Image-backed grounding data
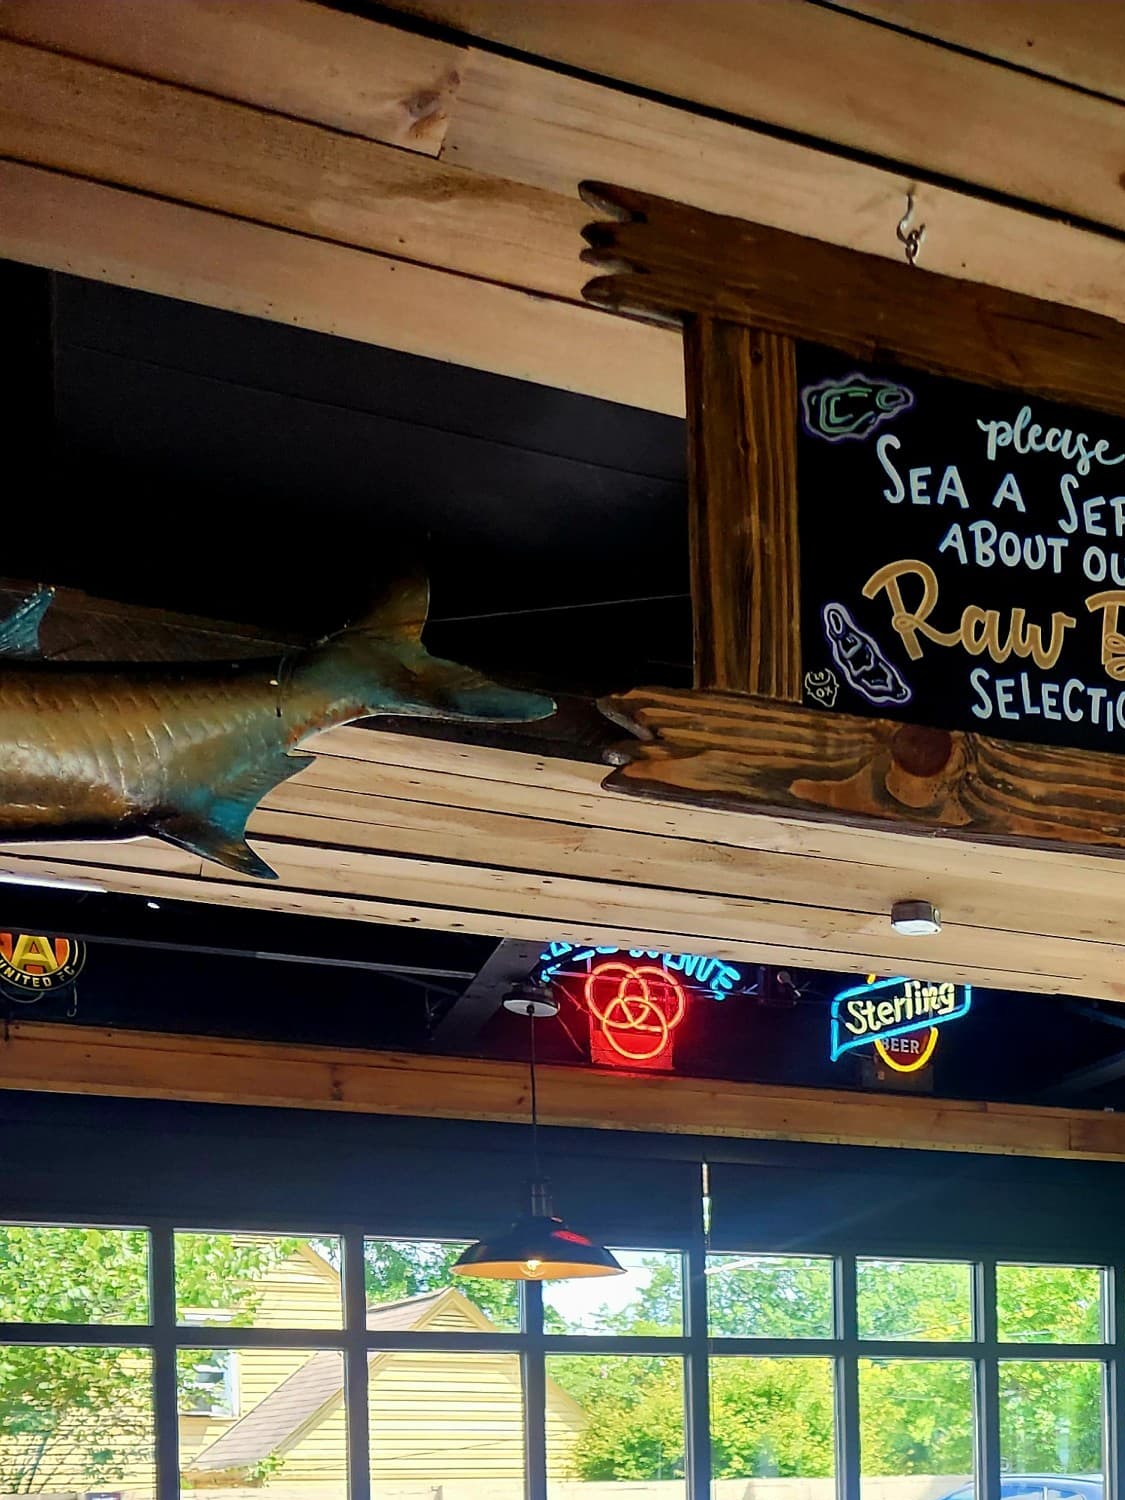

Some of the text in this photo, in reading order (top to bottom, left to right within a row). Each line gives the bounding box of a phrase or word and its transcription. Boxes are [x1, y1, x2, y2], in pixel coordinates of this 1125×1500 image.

[876, 434, 969, 509] SEA
[992, 473, 1026, 512] A
[939, 519, 1068, 573] ABOUT
[861, 559, 1076, 670] Raw
[845, 978, 955, 1035] Sterling
[882, 1037, 921, 1055] BEER

Task goal - Keep the pictures out and print all the records exactly as they are.

Solution to this task -
Some of the text in this photo, in reading order (top to bottom, left to right within a row). Each line gives the bounding box of a phrase or word and its transcription. Boxes are [x1, y1, x2, y2], in pixel coordinates of this 1125×1500 image.

[876, 434, 969, 509] SEA
[992, 473, 1026, 512] A
[939, 519, 1068, 573] ABOUT
[861, 559, 1076, 670] Raw
[845, 978, 955, 1035] Sterling
[882, 1037, 921, 1055] BEER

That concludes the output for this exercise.